--- WHAT IS NEEDED ---
Please print out the entries below unchanged and skip the images.

--- DATA SUPPLIED ---
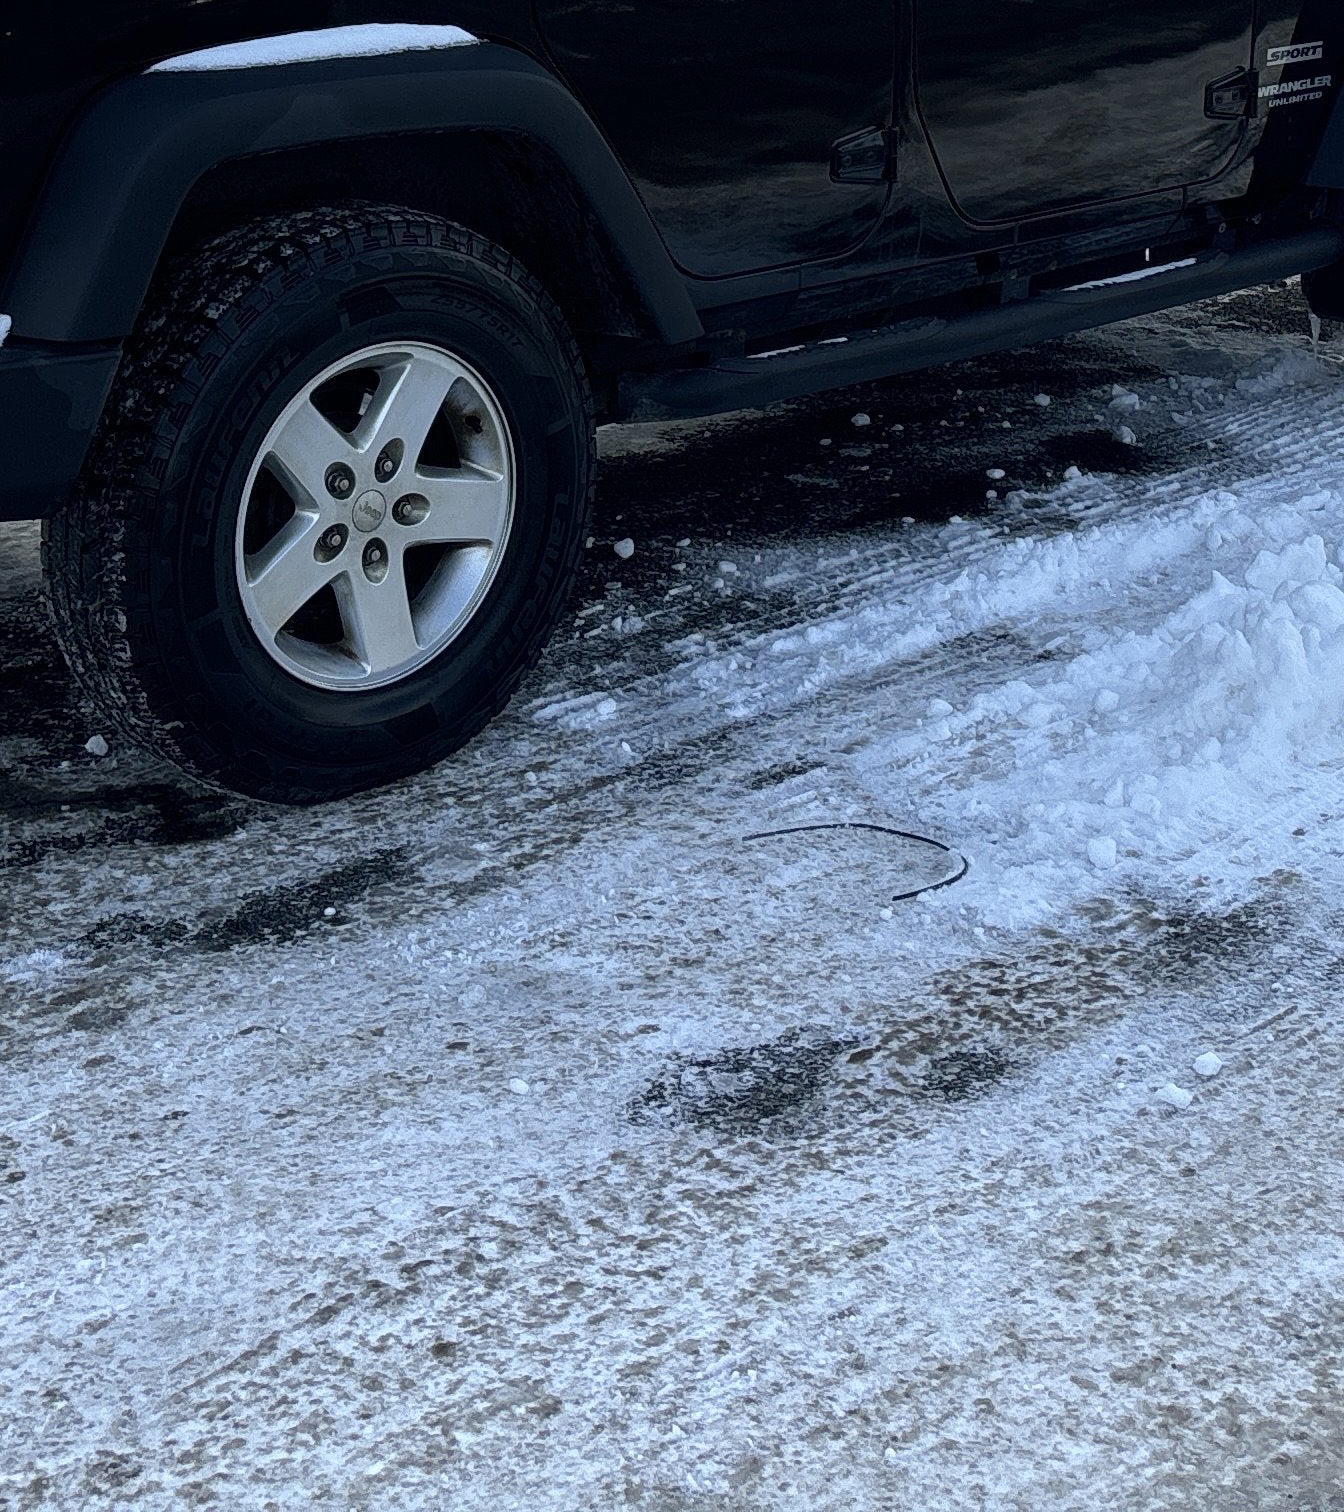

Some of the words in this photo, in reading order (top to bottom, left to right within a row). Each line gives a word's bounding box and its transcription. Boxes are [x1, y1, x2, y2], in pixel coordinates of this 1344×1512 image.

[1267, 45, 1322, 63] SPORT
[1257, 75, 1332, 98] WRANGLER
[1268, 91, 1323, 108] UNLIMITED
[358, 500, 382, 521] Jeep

--- ANSWER FOR THIS EXERCISE ---
Some of the words in this photo, in reading order (top to bottom, left to right within a row). Each line gives a word's bounding box and its transcription. Boxes are [x1, y1, x2, y2], in pixel coordinates of this 1344×1512 image.

[1267, 45, 1322, 63] SPORT
[1257, 75, 1332, 98] WRANGLER
[1268, 91, 1323, 108] UNLIMITED
[358, 500, 382, 521] Jeep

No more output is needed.